Images for object localization
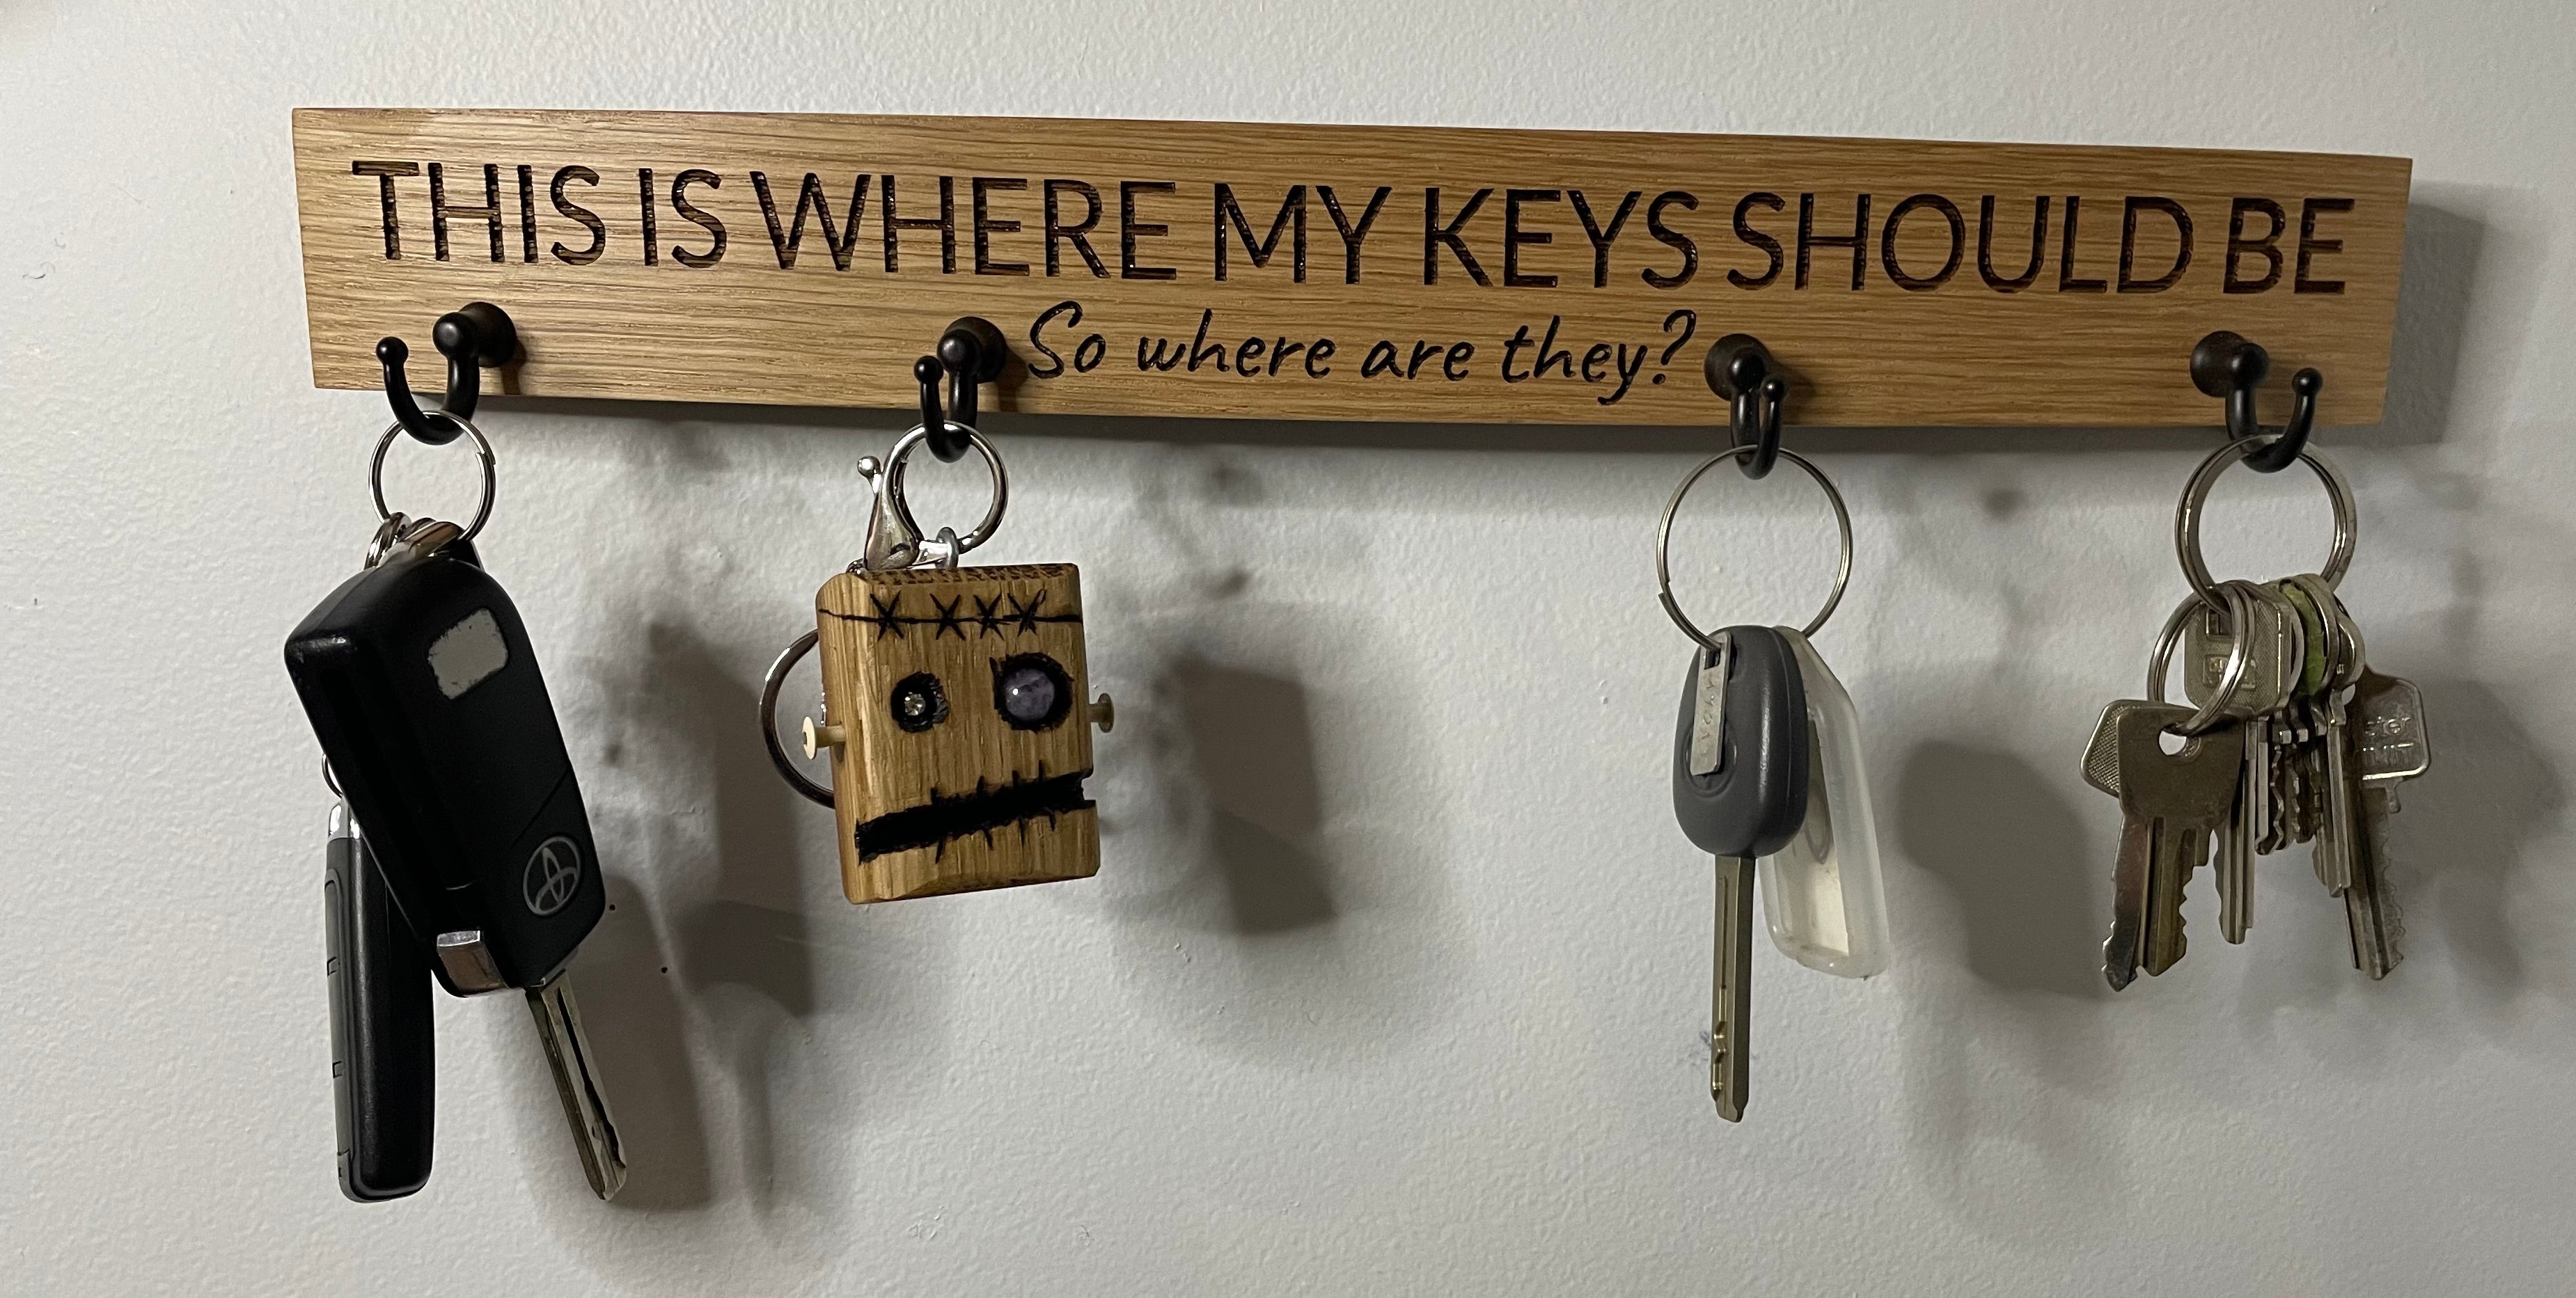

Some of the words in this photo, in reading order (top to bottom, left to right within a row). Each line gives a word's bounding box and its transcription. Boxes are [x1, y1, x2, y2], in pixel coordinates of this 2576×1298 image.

[352, 160, 606, 266] THIS
[638, 167, 728, 269] IS
[749, 171, 1177, 280] WHERE
[1214, 182, 1392, 285] MY
[1424, 187, 1699, 289] KEYS
[1726, 191, 2194, 293] SHOULD
[2222, 197, 2356, 294] BE
[1027, 300, 1107, 379] So
[1137, 308, 1335, 379] where
[1360, 335, 1476, 383] are
[1501, 309, 1697, 406] they?
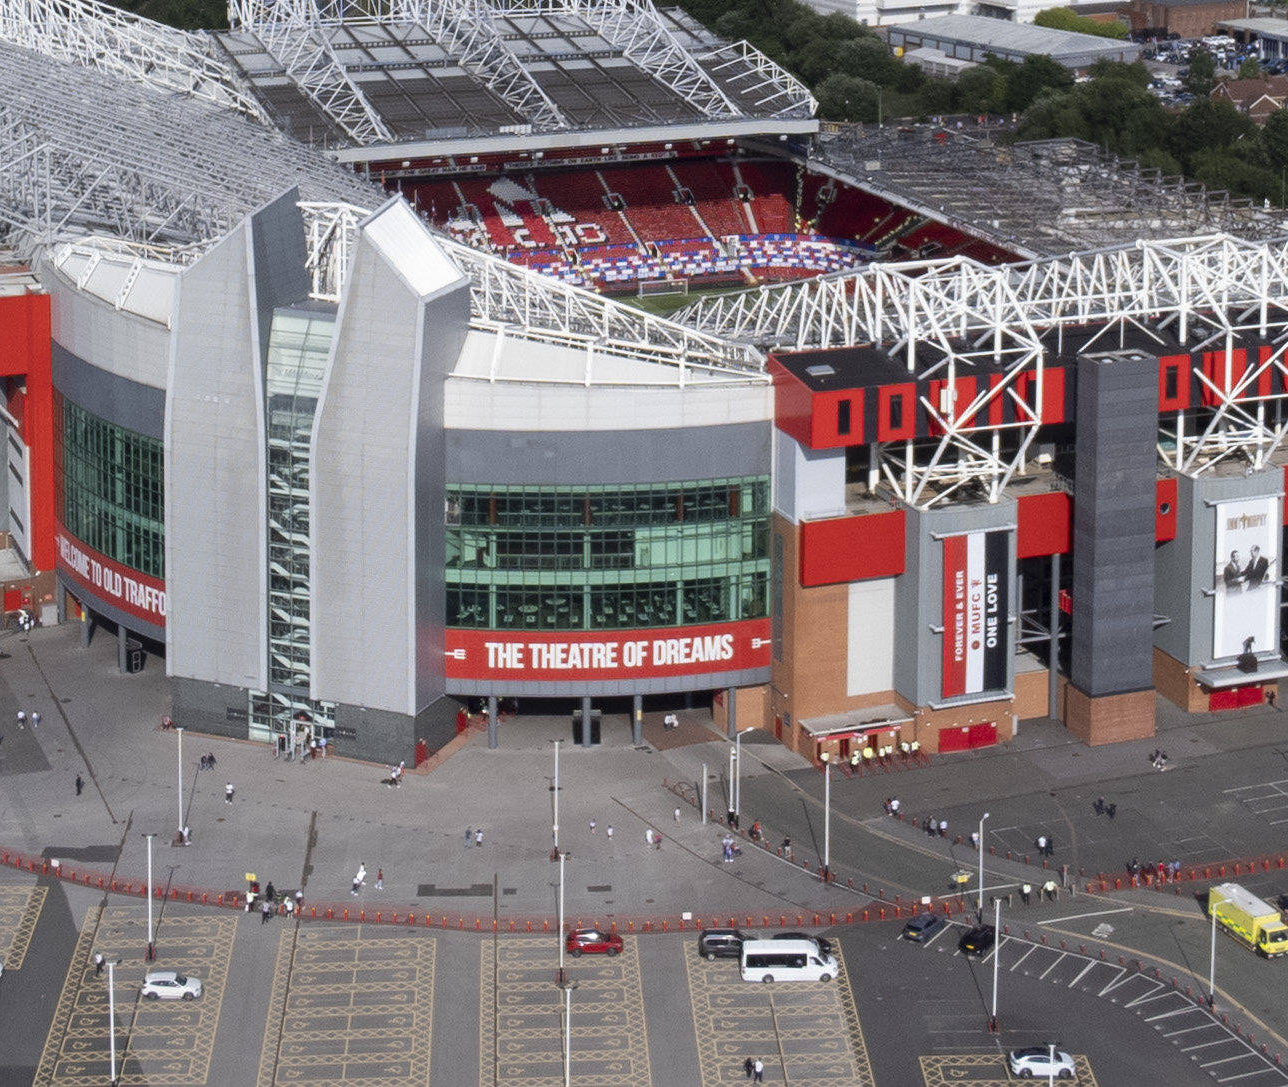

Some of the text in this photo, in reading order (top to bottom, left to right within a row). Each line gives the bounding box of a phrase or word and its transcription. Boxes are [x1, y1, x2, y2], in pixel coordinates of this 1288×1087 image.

[91, 559, 102, 587] TO
[103, 567, 122, 598] OLD
[955, 570, 964, 600] EVER
[972, 593, 981, 634] MUFC
[986, 573, 998, 648] ONE LOVE
[485, 634, 734, 670] THE THEATRE OF DREAMS
[955, 612, 964, 662] FOREVER
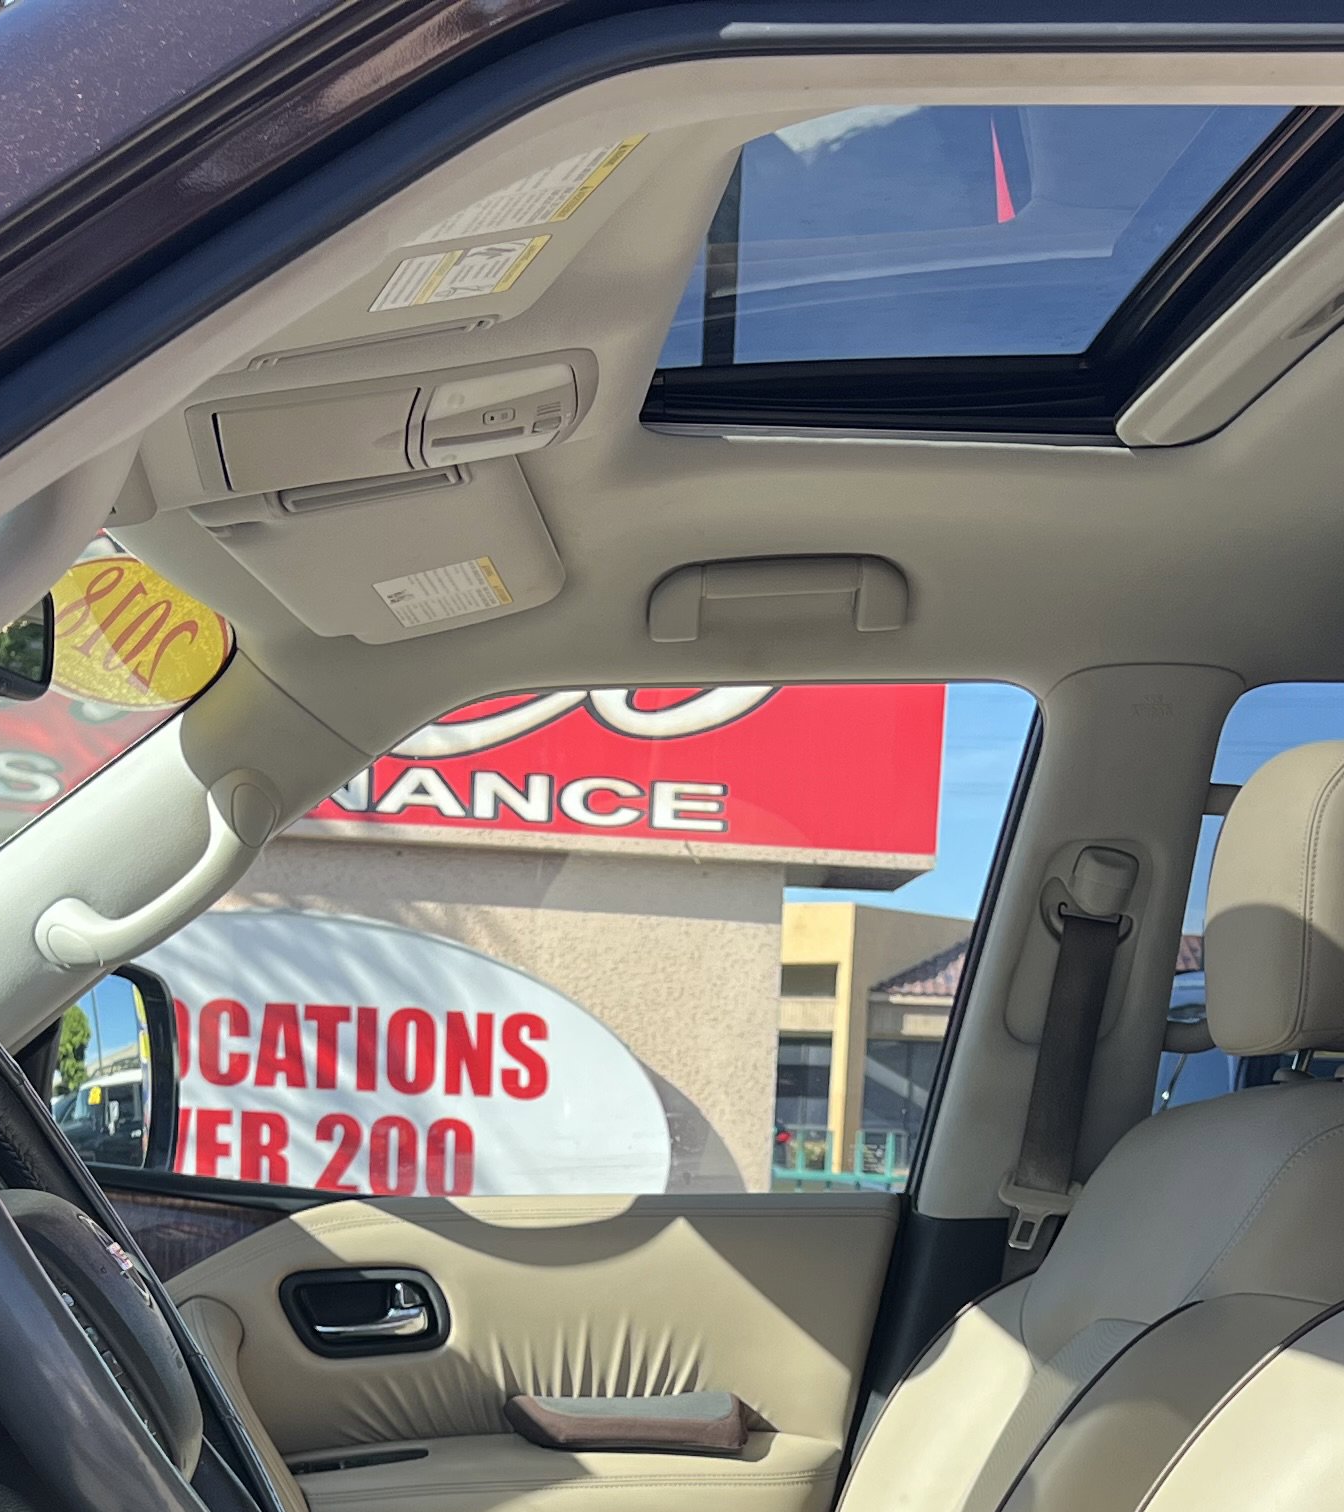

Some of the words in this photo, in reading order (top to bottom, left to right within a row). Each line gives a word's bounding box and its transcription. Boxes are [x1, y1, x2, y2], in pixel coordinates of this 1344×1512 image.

Exercise brief
Excluding the pictures, restate the records above word for word.

Answer for this exercise
Some of the words in this photo, in reading order (top to bottom, left to right within a row). Each line gives a word's bounding box and its transcription. Boxes are [x1, y1, x2, y2], in pixel coordinates of this 2576×1298 image.

[352, 160, 606, 266] THIS
[638, 167, 728, 269] IS
[749, 171, 1177, 280] WHERE
[1214, 182, 1392, 285] MY
[1424, 187, 1699, 289] KEYS
[1726, 191, 2194, 293] SHOULD
[2222, 197, 2356, 294] BE
[1027, 300, 1107, 379] So
[1137, 308, 1335, 379] where
[1360, 335, 1476, 383] are
[1501, 309, 1697, 406] they?

Some of the text in this photo, in reading order (top to bottom, left to right within a row). Each line gives the bounding box of a phrase or word and its transcription. Boxes are [x1, y1, x2, y2], in pixel coordinates of this 1288×1087 image.

[91, 559, 102, 587] TO
[103, 567, 122, 598] OLD
[955, 570, 964, 600] EVER
[972, 593, 981, 634] MUFC
[986, 573, 998, 648] ONE LOVE
[485, 634, 734, 670] THE THEATRE OF DREAMS
[955, 612, 964, 662] FOREVER

Some of the words in this photo, in reading order (top to bottom, left to right within a row). Each line gives a word's bounding box and its transcription. Boxes are [x1, y1, x2, y2], in pixel coordinates of this 1344×1512 image.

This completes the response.